Es ilógica e irregular esta situación”. Solicita que se le ordene a COLMENA ARL que dentro de las cuarenta y ocho (48) siguientes, contadas a partir de la notificación del fallo, le califique las deficiencias, minusvalías y discapacidades derivadas de sus enfermedades profesionales “y/o se le cancele la respectiva indemnización por pago de incapacidad permanente parcial, derivada de mis afecciones profesionales, otorgadas mediante dictamen No. 912 del 2/07/2014, proferido por la junta nacional con PCL (17.86%)”; que no acogida la anterior pretensión se le ordene a la Junta Nacional de Calificación de Invalidez, que se le cite para valoración y revisión de su estado de invalidez, para que sea tenido en cuenta el componente psiquiátrico y así poder gozar por favorabilidad de su pensión de invalidez profesional “y lograr una correcta calificación y nivelar mi prestación económica afectada por pensión otorgada de origen común a cargo de Colpensiones”; que se ordene a la directora General de Riesgos Laborales y/o Ministerio de Trabajo, emita el concepto informativo y orientador, en materia de calificación integral, peso porcentual común. Que se indique qué pasaría con las enfermedades laborales calificadas integralmente dentro de un estado de invalidez; que se conmine a la Corte Constitucional para que emita algún auto o concepto respecto a este “vacío jurídico”.

TRÁMITE Y DECISIÓN DE INSTANCIA Por auto de 18 de noviembre de 2015, la Sala Laboral del Tribunal Superior de Santa Marta, admitió la acción, dispuso la notificación y concedió el término de dos (2) días para el ejercicio del derecho de defensa. En cuanto a la solicitud de vinculación de la Corte Constitucional, dijo no proceder, pues lo que se pretende es un concepto positivo de esta a su favor, que de darse la oportunidad, sería en sede de revisión, si la Corporación lo llegare a considerar procedente.

La Superintendencia Financiera de Colombia informó que el accionante radicó ante esa entidad dos quejas contra Riesgos Laborales Colmena S.A, compañía de seguros de vida, el 23 de enero de 2012 y el 29 de julio de 2015, relacionadas con los hechos a que se refiere esta tutela; que las mismas fueron atendidas conforme al procedimiento establecido en la Circular Básica Jurídica 029 de 2015, y en la Resolución 683 de 2011, expedidas por la entidad; que en cuanto a la primera queja, ese organismo de vigilancia requirió a la empresa, la que dio a conocer las respuestas que en su oportunidad le suministró al accionante respecto a la petición de que se le brindaran prestaciones asistenciales y pago de incapacidades a las patologías que la Junta Regional determinó como de origen profesional; que en esa oportunidad Colmena le indicó al interesado, entre otras cosas que en cumplimiento de un fallo de tutela asumió el pago de las incapacidades temporales de una patología que aún no se había definido como de origen profesional, pues de conformidad con la ley aplica la presunción de origen común hasta tanto no se califique en dictamen en firme la patología como profesional.
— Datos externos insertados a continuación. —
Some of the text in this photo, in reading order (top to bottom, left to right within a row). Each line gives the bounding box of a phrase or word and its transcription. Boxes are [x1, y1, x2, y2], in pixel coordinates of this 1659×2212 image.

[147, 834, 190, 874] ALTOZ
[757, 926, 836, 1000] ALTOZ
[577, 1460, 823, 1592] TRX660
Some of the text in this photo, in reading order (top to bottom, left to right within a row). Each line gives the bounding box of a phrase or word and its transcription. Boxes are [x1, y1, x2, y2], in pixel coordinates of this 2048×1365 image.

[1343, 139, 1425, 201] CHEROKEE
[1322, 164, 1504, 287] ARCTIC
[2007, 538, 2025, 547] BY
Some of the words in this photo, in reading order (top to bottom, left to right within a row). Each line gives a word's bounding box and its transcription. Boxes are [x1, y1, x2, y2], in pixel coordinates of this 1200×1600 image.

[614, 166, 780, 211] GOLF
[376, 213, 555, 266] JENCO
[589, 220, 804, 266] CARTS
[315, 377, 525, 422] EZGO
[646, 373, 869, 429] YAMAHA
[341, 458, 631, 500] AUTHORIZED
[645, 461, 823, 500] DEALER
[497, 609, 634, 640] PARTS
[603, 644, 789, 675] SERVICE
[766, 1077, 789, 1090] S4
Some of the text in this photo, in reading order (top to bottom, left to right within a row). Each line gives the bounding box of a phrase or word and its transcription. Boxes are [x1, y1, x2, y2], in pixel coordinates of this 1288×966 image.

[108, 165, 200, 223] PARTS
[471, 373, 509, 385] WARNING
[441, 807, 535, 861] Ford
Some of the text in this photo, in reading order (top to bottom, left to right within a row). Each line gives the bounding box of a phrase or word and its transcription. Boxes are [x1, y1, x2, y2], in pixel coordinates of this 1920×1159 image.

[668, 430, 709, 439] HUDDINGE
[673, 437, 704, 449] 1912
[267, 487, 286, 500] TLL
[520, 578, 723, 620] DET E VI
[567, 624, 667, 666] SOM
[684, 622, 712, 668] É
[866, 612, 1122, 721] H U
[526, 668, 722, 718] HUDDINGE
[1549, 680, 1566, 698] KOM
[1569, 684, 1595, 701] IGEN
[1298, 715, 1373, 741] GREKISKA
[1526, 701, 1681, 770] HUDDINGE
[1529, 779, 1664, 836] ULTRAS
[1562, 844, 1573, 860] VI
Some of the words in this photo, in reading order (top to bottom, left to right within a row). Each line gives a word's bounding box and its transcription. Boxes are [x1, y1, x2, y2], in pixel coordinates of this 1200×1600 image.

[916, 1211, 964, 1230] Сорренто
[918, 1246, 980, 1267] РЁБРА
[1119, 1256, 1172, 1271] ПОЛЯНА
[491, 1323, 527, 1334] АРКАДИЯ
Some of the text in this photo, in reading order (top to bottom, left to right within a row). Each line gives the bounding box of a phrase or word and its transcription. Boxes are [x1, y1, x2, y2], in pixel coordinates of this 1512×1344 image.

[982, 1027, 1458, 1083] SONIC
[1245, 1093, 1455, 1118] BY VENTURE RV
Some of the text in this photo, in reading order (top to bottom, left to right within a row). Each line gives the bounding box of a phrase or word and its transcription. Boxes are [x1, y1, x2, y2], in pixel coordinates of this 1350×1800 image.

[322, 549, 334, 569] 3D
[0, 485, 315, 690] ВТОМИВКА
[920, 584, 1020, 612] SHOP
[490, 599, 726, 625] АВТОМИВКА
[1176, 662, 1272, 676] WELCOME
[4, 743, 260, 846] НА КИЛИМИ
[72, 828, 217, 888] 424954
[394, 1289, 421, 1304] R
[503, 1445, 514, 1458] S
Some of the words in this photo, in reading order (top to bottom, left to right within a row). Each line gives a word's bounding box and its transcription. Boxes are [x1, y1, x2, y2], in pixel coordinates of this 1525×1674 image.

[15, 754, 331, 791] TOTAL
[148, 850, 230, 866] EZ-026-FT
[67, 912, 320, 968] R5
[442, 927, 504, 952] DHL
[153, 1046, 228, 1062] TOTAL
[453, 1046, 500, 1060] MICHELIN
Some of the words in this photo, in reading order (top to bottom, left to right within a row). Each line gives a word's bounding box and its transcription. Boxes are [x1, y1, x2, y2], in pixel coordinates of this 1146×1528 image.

Expresó que en lo atinente a esa primera queja, una vez evaluadas las explicaciones ofrecidas por la entidad vigilada, así como los documentos que hacen parte de la reclamación, se determinó que los motivos de inconformidad planteados fueron atendidos, por lo que dieron por concluida la actuación administrativa; que la segunda inconformidad del accionante se refirió a la “ negativa de pagar e indemnizar enfermedades profesionales y/o revisar (pcl) de las mismas (sic) que han agravado pasado un año”; que una vez esa Superintendencia realice la evaluación tanto de la queja como de todos los documentos contentivos de la misma, en especial, las explicaciones de la vigilada, analizará los argumentos expuestos a efectos de evidenciar si hubo violación o infracción puntual a alguna norma por cuyo cumplimiento deba velar ese organismo de supervisión, y se procederá a informar al accionante los resultados de la actuación. Advirtió que las pretensiones del accionante se refieren a una controversia de tipo contractual, por lo que debe el actor acudir ante las autoridades jurisdiccionales competentes para tal declaración, pues esa Superintendencia carece de competencia para dirimir el asunto.

Pidió se niegue el amparo en lo que se refiere a esa entidad. El apoderado de Colmena Vida y Riesgos Laborales manifestó que el actor interpuso una acción de tutela anteriormente, igual a la que ahora nos convoca, la que cursó en el Juzgado Segundo Civil Municipal de Santa Marta bajo el radicado 2015-00373, y fue denegada mediante sentencia de 29 de mayo de 2015, en la que se resolvió, “PRIMERO.- NO TUTELAR los derechos fundamentales alegados por el señor WILLIM RAFAEL HERNANDEZ SANZ…contra en MINISTERIO DEL TRABAJO y COLMENA ARL VINCULANDOSE A DRUMMOOND LTDA COLOMBIA, JUNTA EREGIONAL DE CALIFICACIÓN DE INVALIDEZ DEL MAGDALENA y JUNTA NACIONAL DE CALIFICACIÓN DE INVALIDEZ…..” Que en virtud de lo anterior, existe cosa juzgada sobre el derecho al reconocimiento de la indemnización por incapacidad permanente parcial al actor, pues ya se surtió trámite de tutela; que el accionante busca por este medio el pago de una incapacidad permanente parcial por un dictamen por el cual ya adquirió derecho pensional.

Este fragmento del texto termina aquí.